* Work item *
Drop all images and give the records again exactly.

* Records supplied *
● ● ● ●
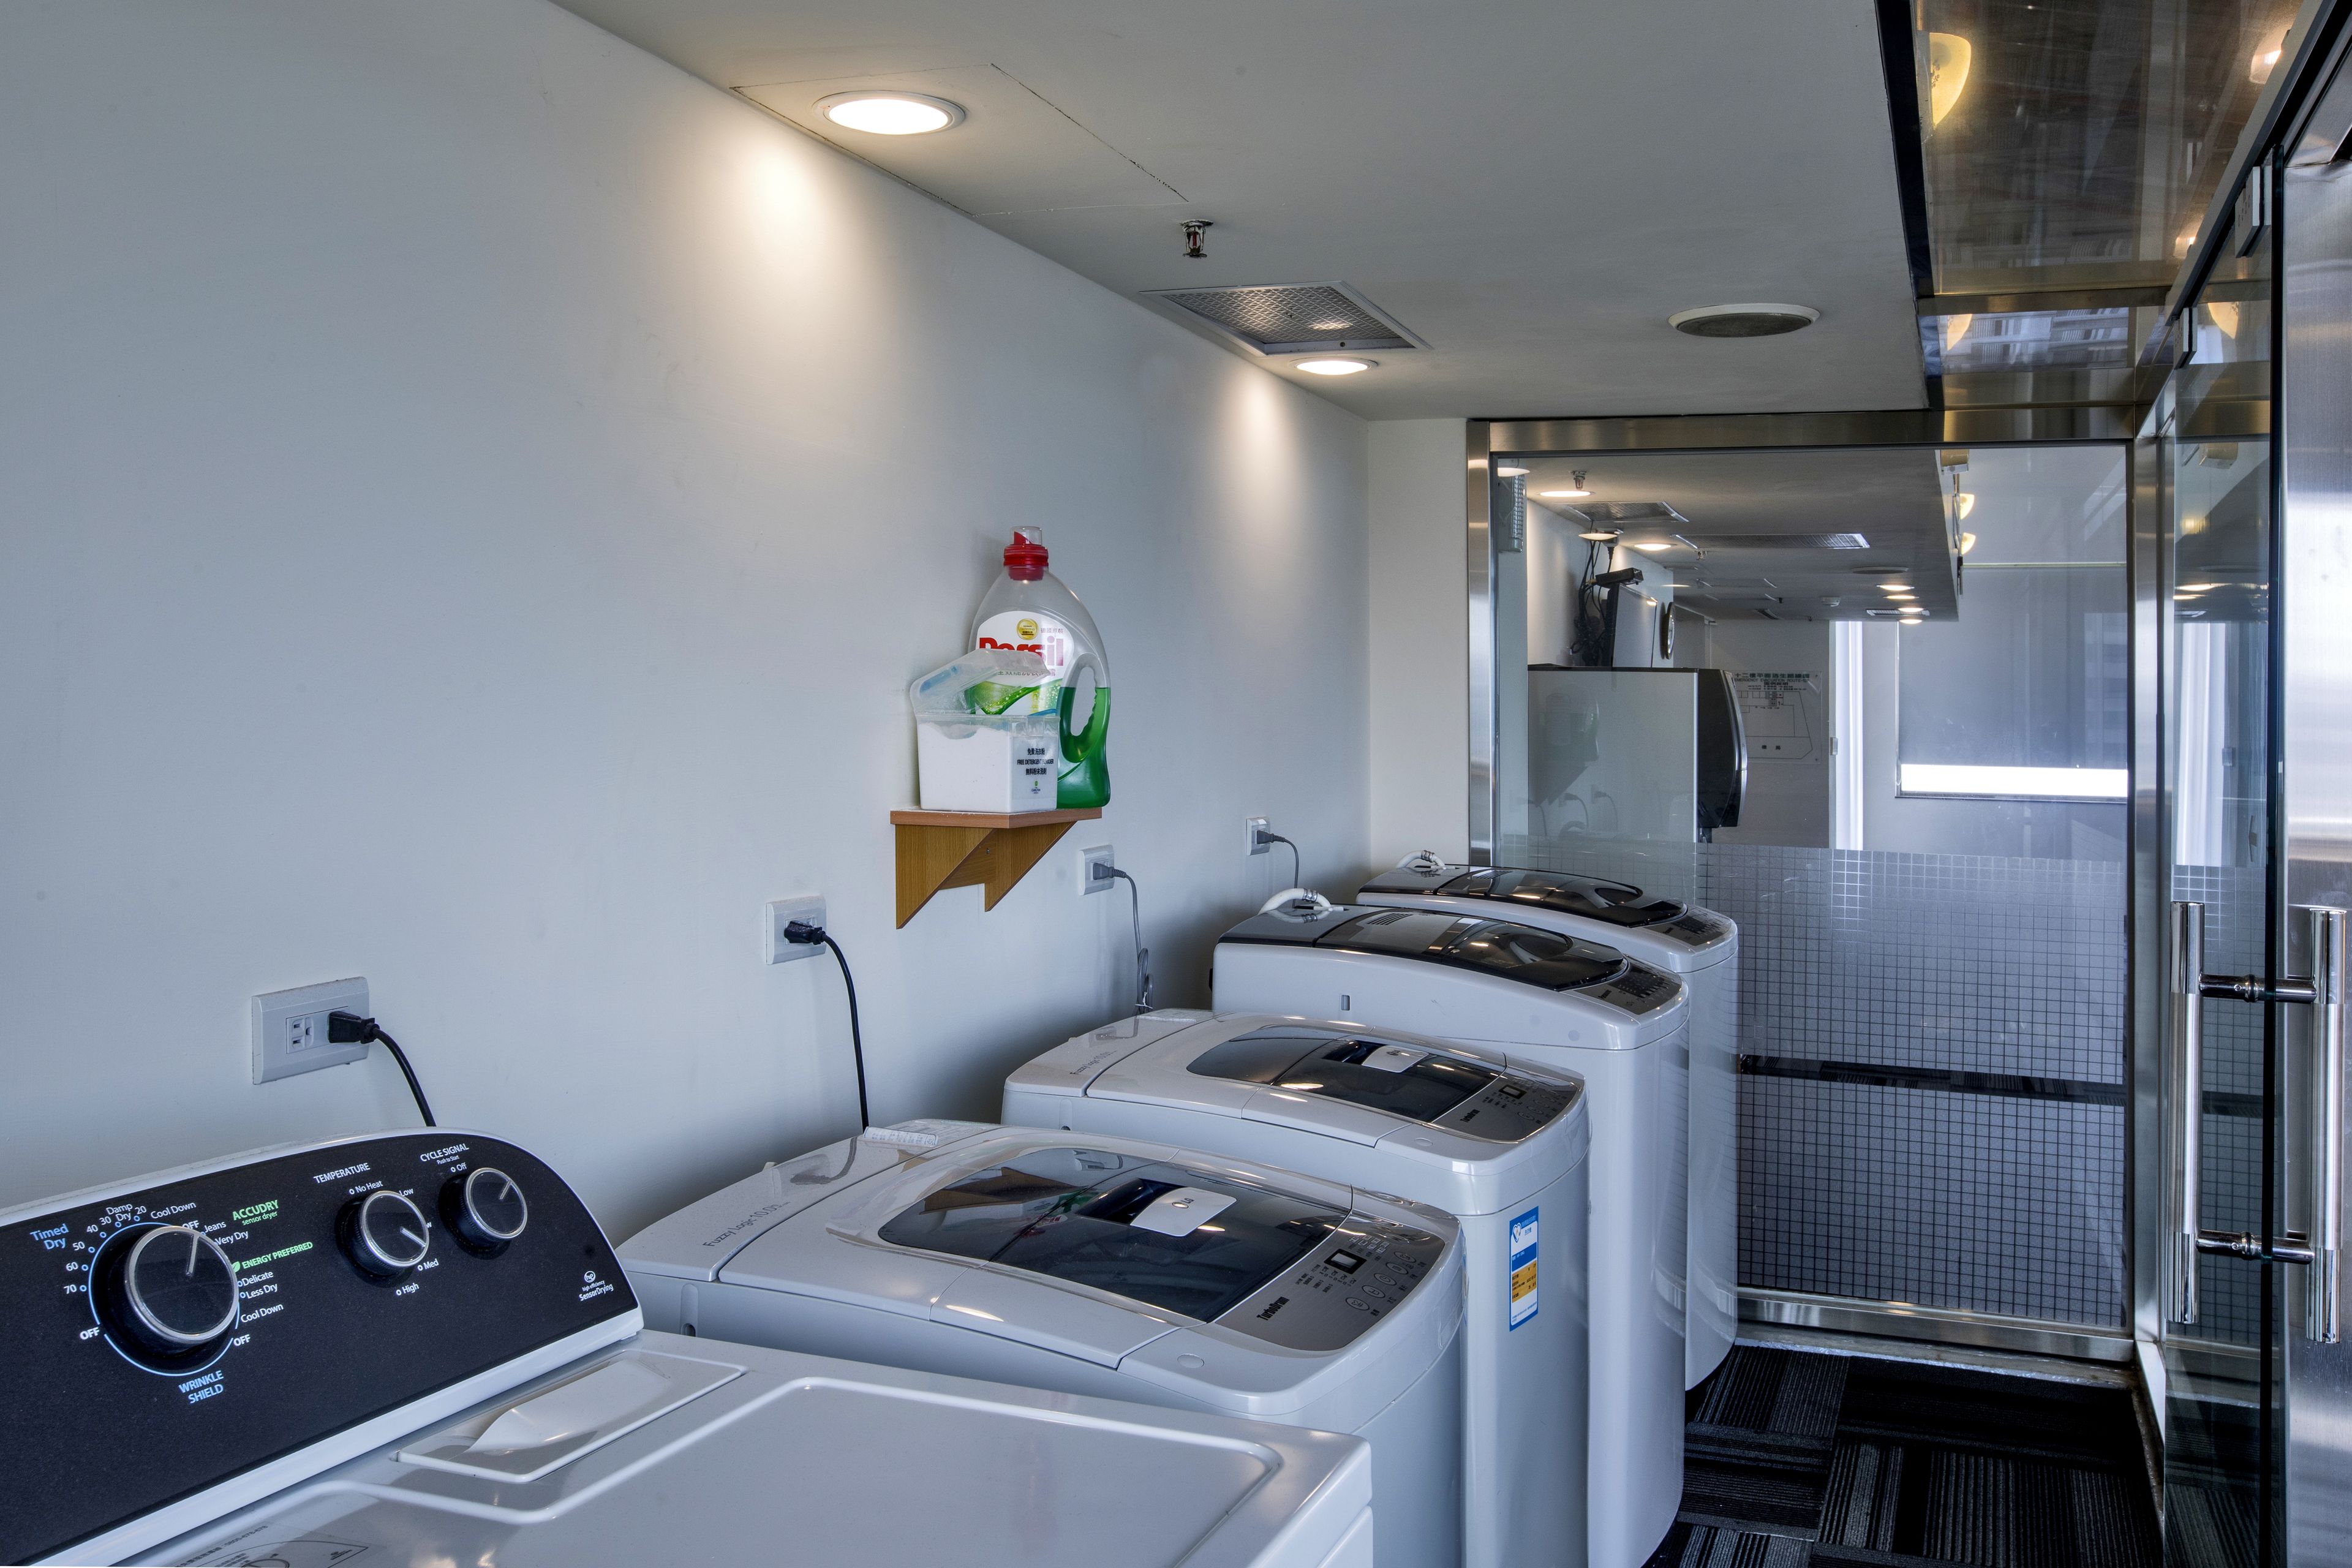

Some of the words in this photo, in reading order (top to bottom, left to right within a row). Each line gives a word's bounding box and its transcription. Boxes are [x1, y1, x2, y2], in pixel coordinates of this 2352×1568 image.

[420, 1150, 444, 1162] CYCLE
[442, 1143, 469, 1156] SIGNAL
[313, 1163, 371, 1183] TEMPERATURE
[456, 1163, 467, 1171] Off
[355, 1185, 367, 1194] No
[366, 1180, 383, 1191] Heat
[399, 1188, 414, 1197] Low
[106, 1204, 133, 1215] Damp
[135, 1205, 147, 1215] 20
[150, 1209, 171, 1219] Cool
[170, 1202, 197, 1215] Down
[232, 1199, 279, 1221] ACCUDRY
[99, 1216, 111, 1225] 30
[115, 1212, 132, 1222] Dry
[242, 1215, 262, 1226] sensor
[262, 1211, 277, 1222] dryer
[86, 1224, 99, 1233] 40
[182, 1220, 199, 1229] OFF
[203, 1221, 227, 1234] Jeans
[29, 1223, 69, 1241] Timed
[215, 1234, 234, 1246] Very
[234, 1230, 249, 1241] Dry
[703, 1230, 736, 1246] Fuzzy
[728, 1219, 757, 1231] Logic
[44, 1238, 66, 1250] Dry
[72, 1241, 85, 1251] 50
[242, 1253, 273, 1269] ENERGY
[273, 1242, 314, 1260] PREFERRED
[66, 1262, 78, 1272] 60
[423, 1258, 439, 1270] Med
[241, 1271, 274, 1286] Delicate
[590, 1280, 605, 1289] efficiency
[63, 1284, 77, 1294] 70
[246, 1288, 264, 1299] Less
[263, 1283, 278, 1294] Dry
[402, 1282, 420, 1294] High
[579, 1284, 614, 1302] SensorDrying
[241, 1310, 260, 1323] Cool
[260, 1304, 284, 1317] Down
[1257, 1297, 1289, 1321] TurboDrum
[80, 1327, 100, 1340] OFF
[233, 1334, 251, 1346] OFF
[178, 1370, 224, 1393] WRINKLE
[188, 1384, 224, 1404] SHIELD
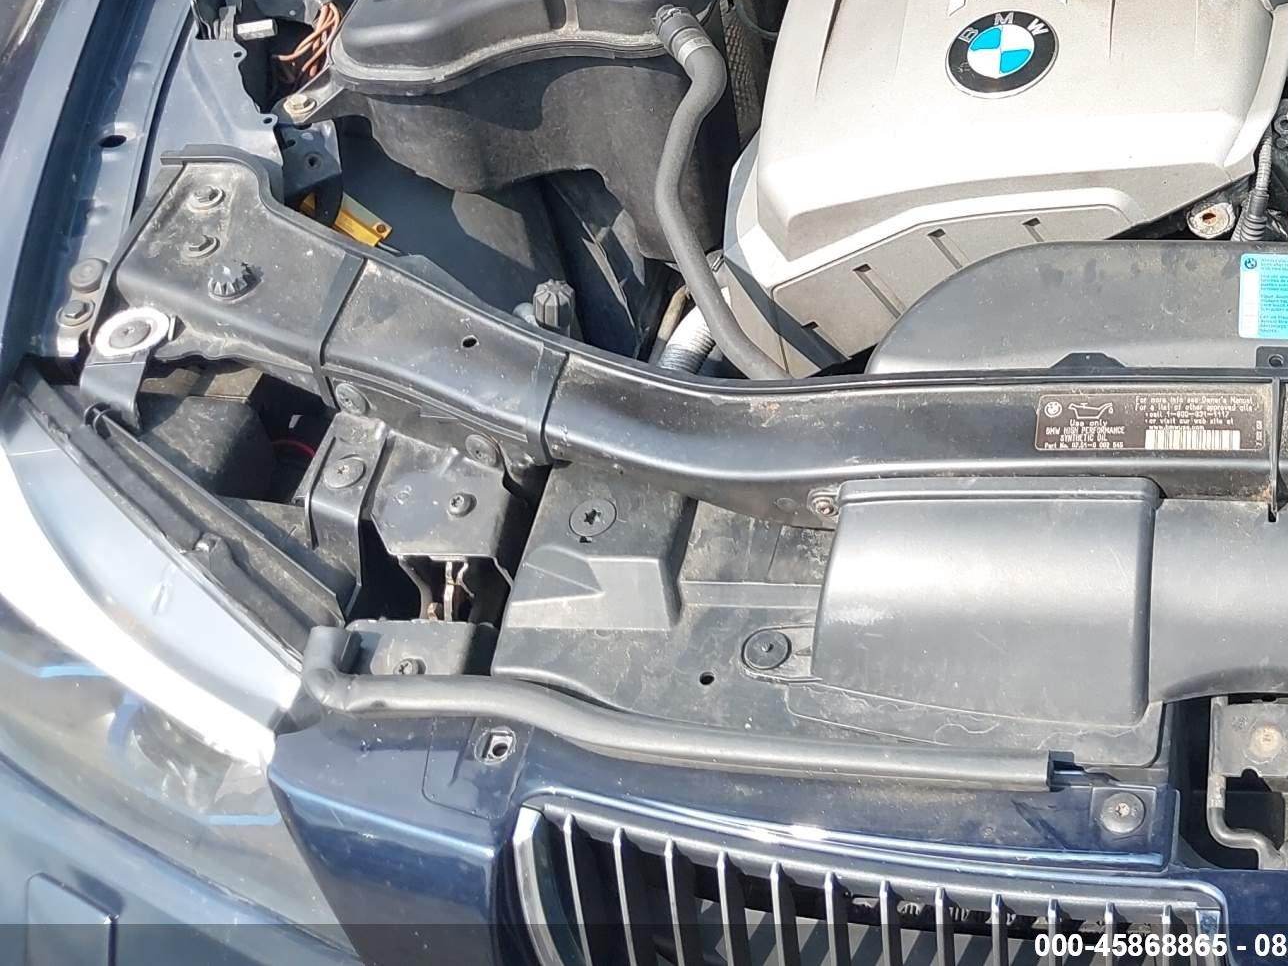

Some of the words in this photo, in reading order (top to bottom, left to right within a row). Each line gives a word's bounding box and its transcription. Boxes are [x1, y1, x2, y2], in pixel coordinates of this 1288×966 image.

[958, 12, 1049, 44] BMW
[1090, 419, 1108, 427] only
[1045, 427, 1061, 435] BMW
[1081, 426, 1126, 435] PERFORMANCE
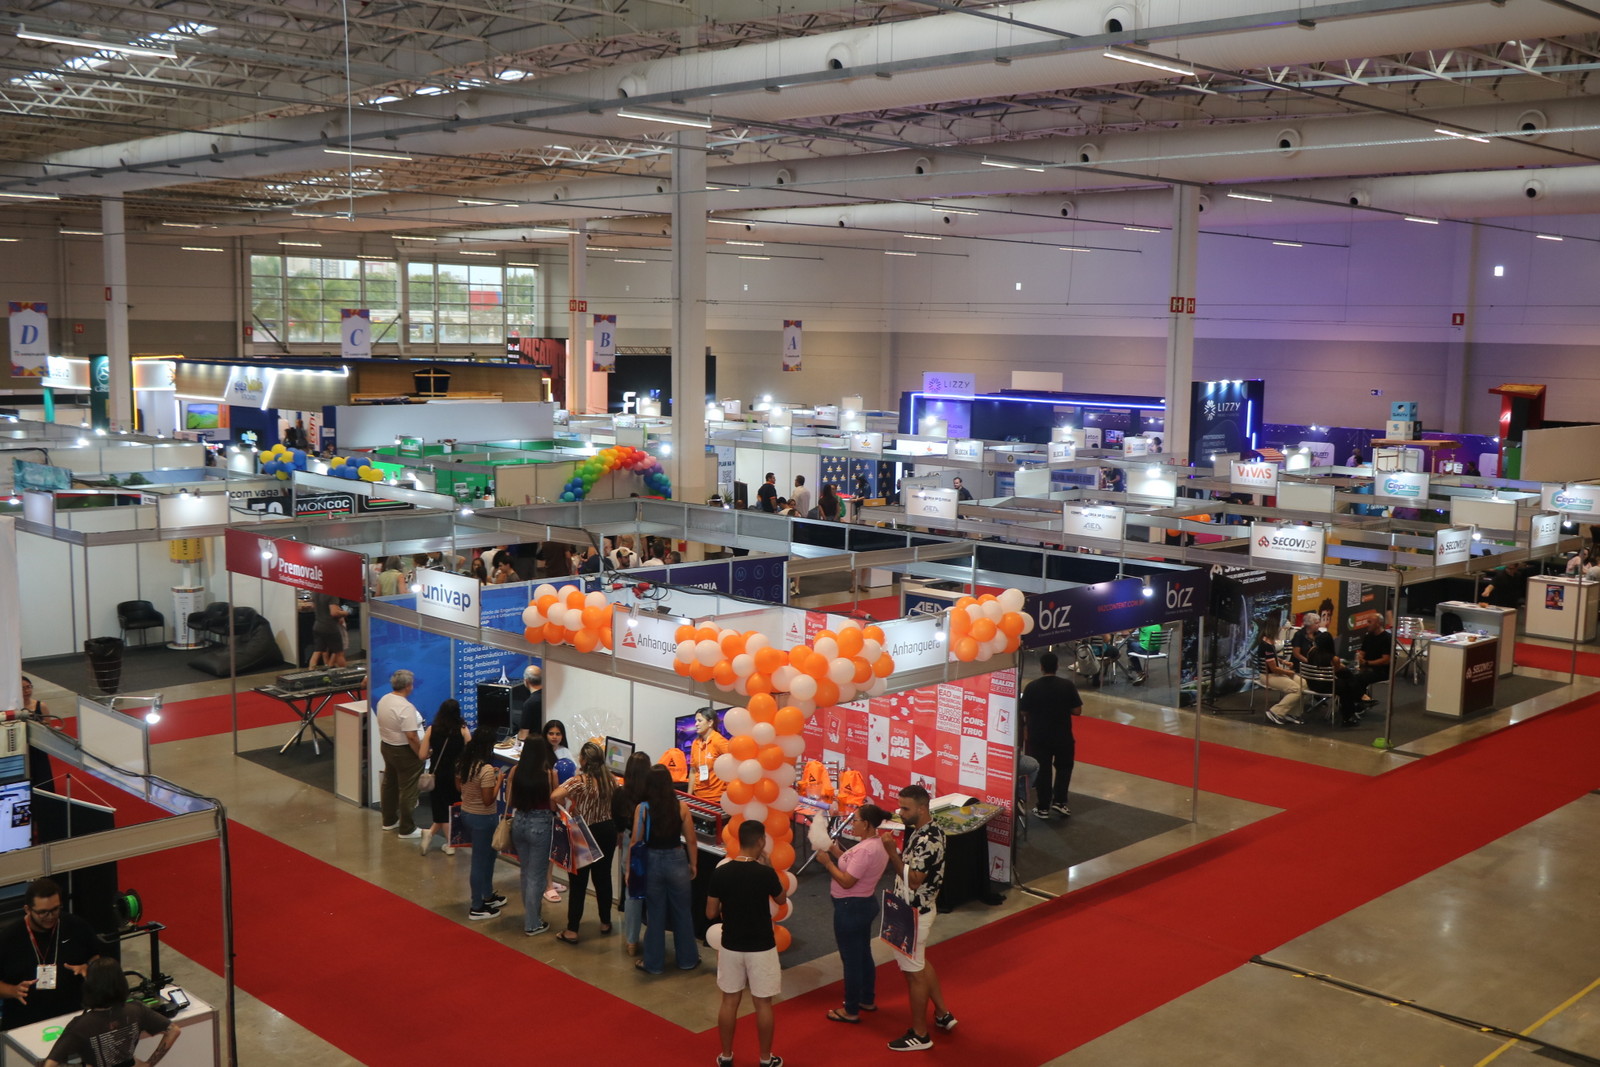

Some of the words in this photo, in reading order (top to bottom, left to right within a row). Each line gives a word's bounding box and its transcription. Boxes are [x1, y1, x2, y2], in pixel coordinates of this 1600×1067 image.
● ● ● ●
* Your solution *
Some of the words in this photo, in reading order (top to bottom, left to right within a row). Each line gives a word's bounding box and its transcription. Boxes are [x1, y1, x2, y2], in pixel coordinates of this 2352×1568 image.

[420, 1150, 444, 1162] CYCLE
[442, 1143, 469, 1156] SIGNAL
[313, 1163, 371, 1183] TEMPERATURE
[456, 1163, 467, 1171] Off
[355, 1185, 367, 1194] No
[366, 1180, 383, 1191] Heat
[399, 1188, 414, 1197] Low
[106, 1204, 133, 1215] Damp
[135, 1205, 147, 1215] 20
[150, 1209, 171, 1219] Cool
[170, 1202, 197, 1215] Down
[232, 1199, 279, 1221] ACCUDRY
[99, 1216, 111, 1225] 30
[115, 1212, 132, 1222] Dry
[242, 1215, 262, 1226] sensor
[262, 1211, 277, 1222] dryer
[86, 1224, 99, 1233] 40
[182, 1220, 199, 1229] OFF
[203, 1221, 227, 1234] Jeans
[29, 1223, 69, 1241] Timed
[215, 1234, 234, 1246] Very
[234, 1230, 249, 1241] Dry
[703, 1230, 736, 1246] Fuzzy
[728, 1219, 757, 1231] Logic
[44, 1238, 66, 1250] Dry
[72, 1241, 85, 1251] 50
[242, 1253, 273, 1269] ENERGY
[273, 1242, 314, 1260] PREFERRED
[66, 1262, 78, 1272] 60
[423, 1258, 439, 1270] Med
[241, 1271, 274, 1286] Delicate
[590, 1280, 605, 1289] efficiency
[63, 1284, 77, 1294] 70
[246, 1288, 264, 1299] Less
[263, 1283, 278, 1294] Dry
[402, 1282, 420, 1294] High
[579, 1284, 614, 1302] SensorDrying
[241, 1310, 260, 1323] Cool
[260, 1304, 284, 1317] Down
[1257, 1297, 1289, 1321] TurboDrum
[80, 1327, 100, 1340] OFF
[233, 1334, 251, 1346] OFF
[178, 1370, 224, 1393] WRINKLE
[188, 1384, 224, 1404] SHIELD

Some of the words in this photo, in reading order (top to bottom, left to right within a row). Each line gives a word's bounding box and its transcription. Boxes are [x1, y1, x2, y2], in pixel coordinates of this 1288×966 image.

[958, 12, 1049, 44] BMW
[1090, 419, 1108, 427] only
[1045, 427, 1061, 435] BMW
[1081, 426, 1126, 435] PERFORMANCE

Some of the words in this photo, in reading order (top to bottom, left to right within a row). Each line gives a word's bounding box and its transcription. Boxes are [x1, y1, x2, y2], in pixel coordinates of this 1600×1067 image.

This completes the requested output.